01Research in Context
What this study did
The team gave the Social Communication Questionnaire to people with Cornelia de Lange syndrome and Fragile X syndrome.
They wanted to see how many met the ASD cutoff and which symptoms stood out.
The study was small: a case series with no control group.
What they found
About 8 in 10 people in each syndrome group scored above the ASD cutoff on the SCQ.
Yet the pattern of answers was not the same as typical idiopathic ASD.
Each syndrome showed its own mix of social, communication, and repetitive quirks.
How this fits with other research
Moss et al. (2009) already said ASD in genetic syndromes looks different from regular ASD. Greer et al. (2013) now adds hard numbers for CdLS and FXS.
Jones et al. (1998) found only 25% of young FXS boys met the CARS autism cutoff. The new SCQ rate is far higher. The gap is not a true clash: CARS was given by a clinician to preschool boys, while the SCQ was a parent form covering lifetime traits.

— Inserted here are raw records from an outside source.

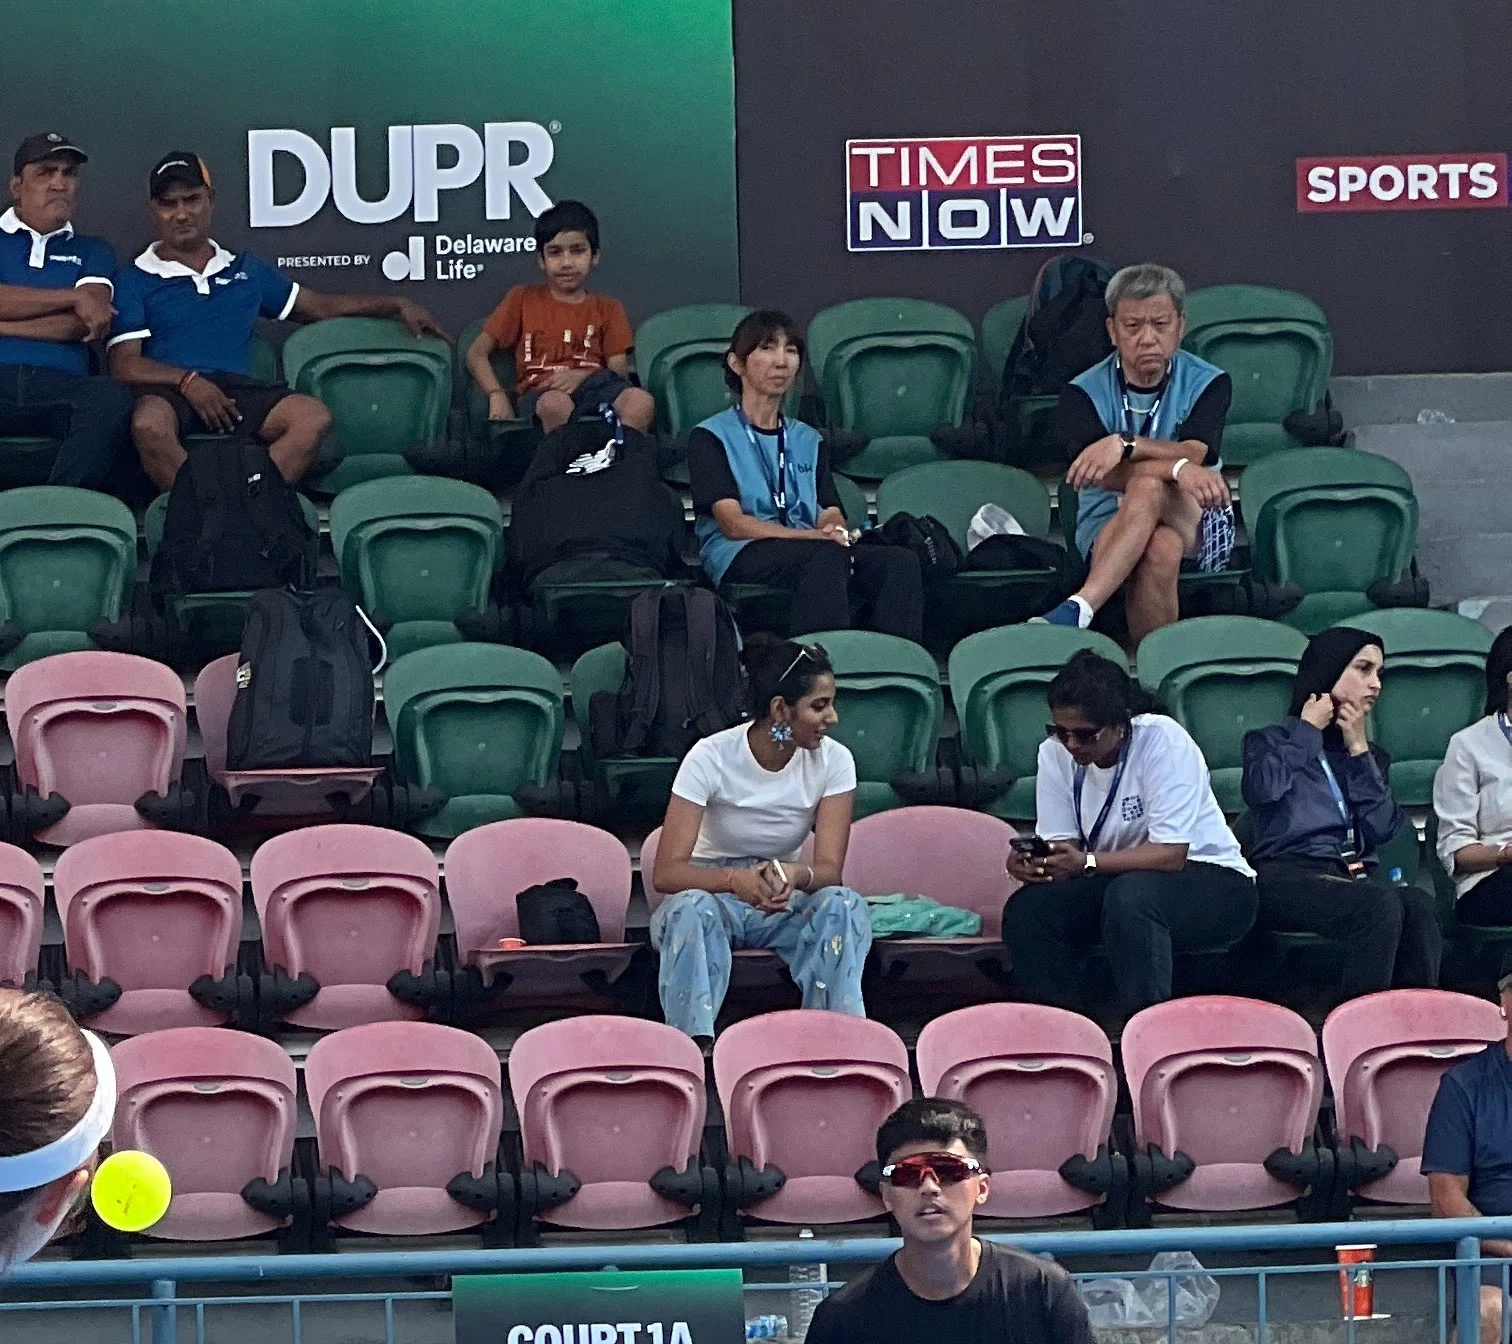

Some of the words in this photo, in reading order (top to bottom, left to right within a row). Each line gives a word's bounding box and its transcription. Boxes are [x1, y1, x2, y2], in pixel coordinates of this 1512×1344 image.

[248, 121, 555, 228] DUPR
[851, 143, 1076, 187] TIMES
[1307, 162, 1499, 203] SPORTS
[859, 197, 1076, 241] NOW
[277, 255, 351, 268] PRESENTED
[354, 254, 371, 265] BY
[435, 234, 537, 255] Delaware
[436, 259, 477, 280] Life
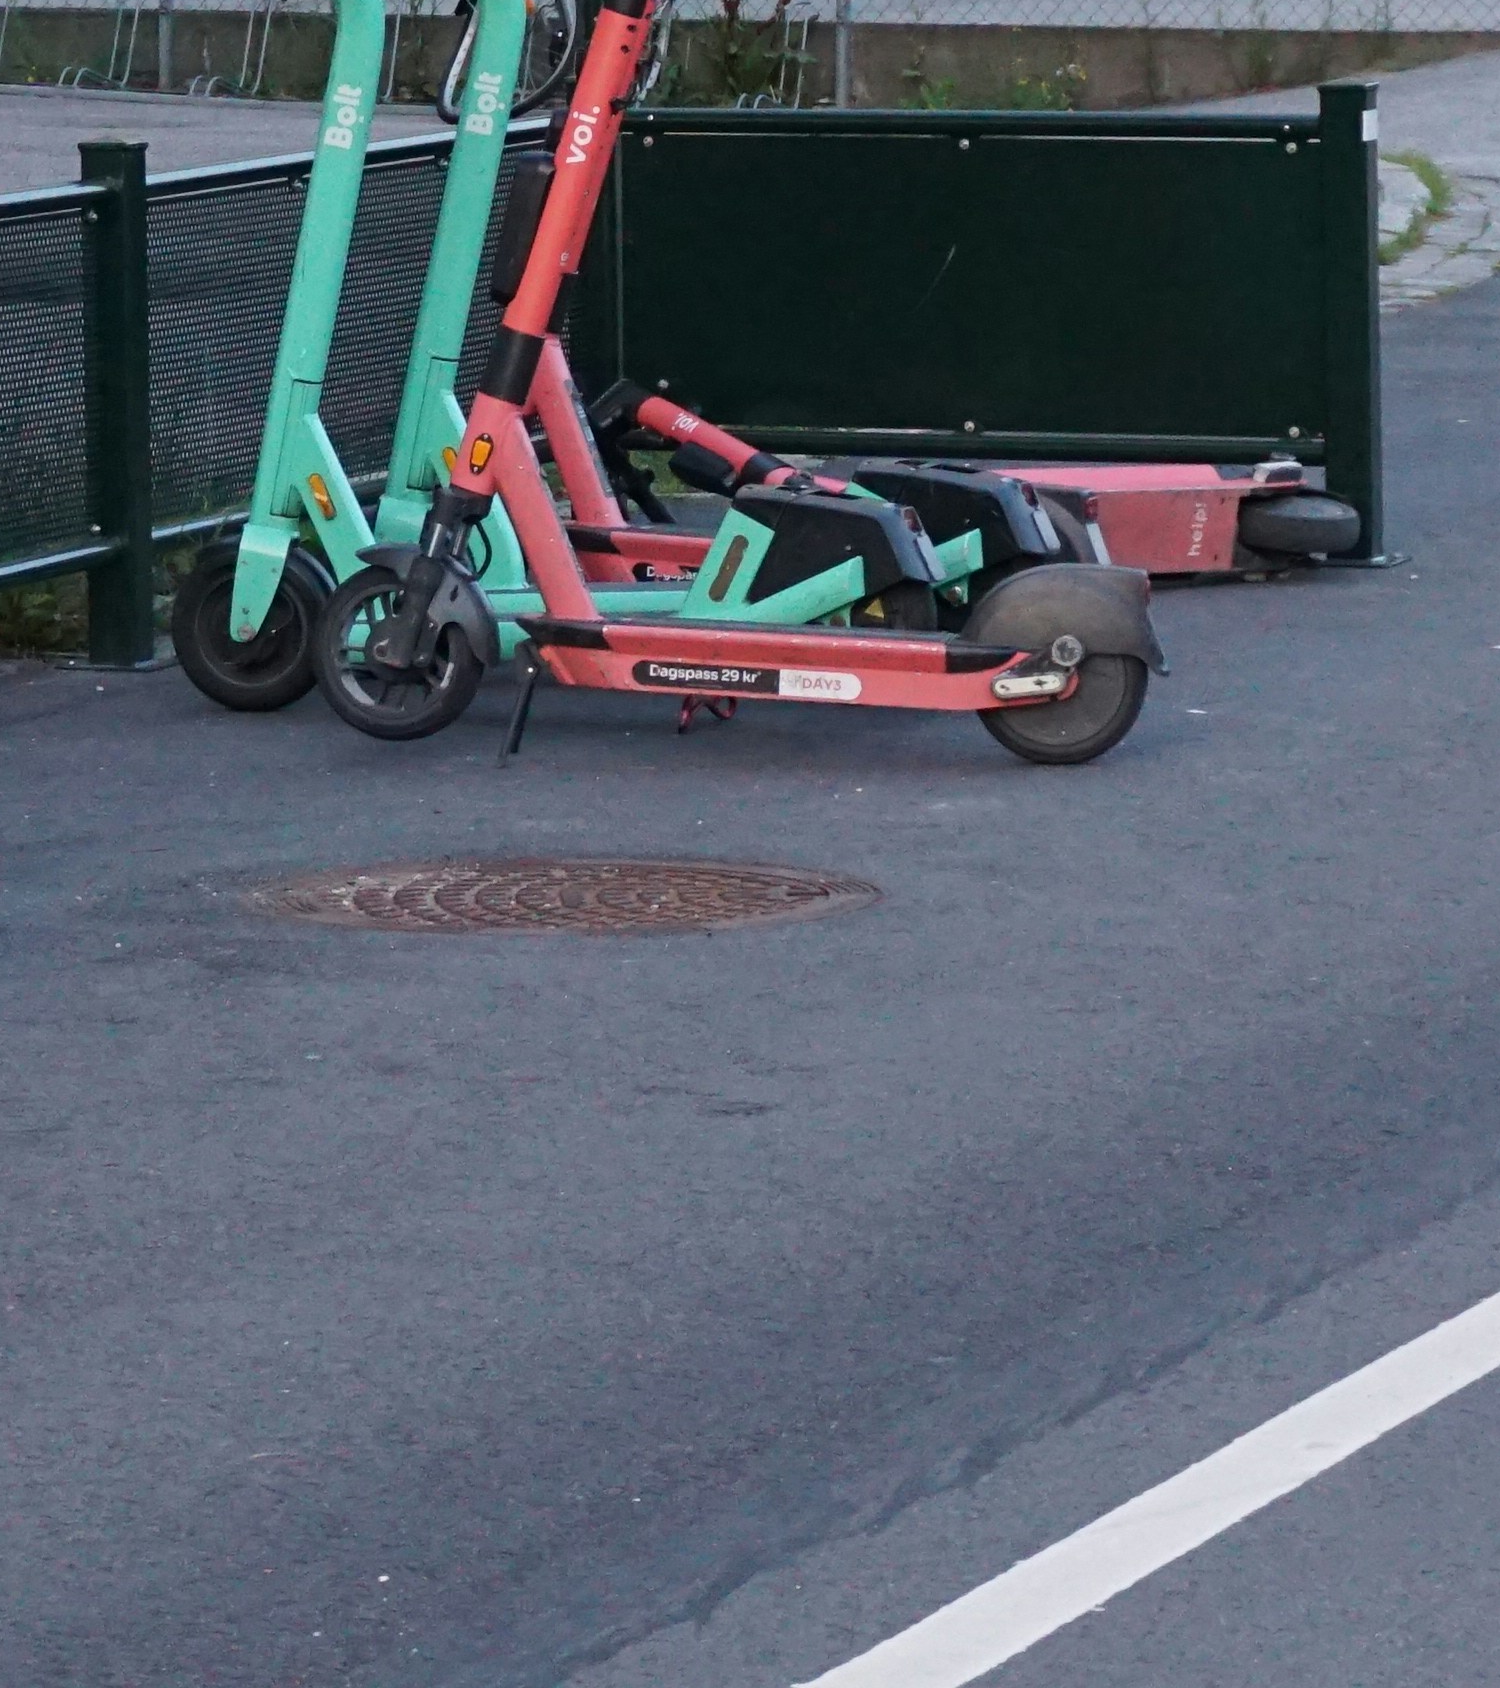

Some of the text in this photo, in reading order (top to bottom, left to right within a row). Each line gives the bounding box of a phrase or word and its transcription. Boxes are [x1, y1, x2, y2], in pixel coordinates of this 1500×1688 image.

Heald et al. (2020) later showed these same syndromes also carry unique sensory profiles. Together the papers argue: screen, then dig deeper to see the real picture.
Why it matters
A high SCQ score in CdLS or FXS does not equal classic ASD. Expect atypical social strengths, different language gaps, and sensory twists. Use the score as a red flag, not a label. Then watch real-life behavior, add syndrome-specific probes, and plan teaching or sensory supports that fit that child, not a generic ASD manual.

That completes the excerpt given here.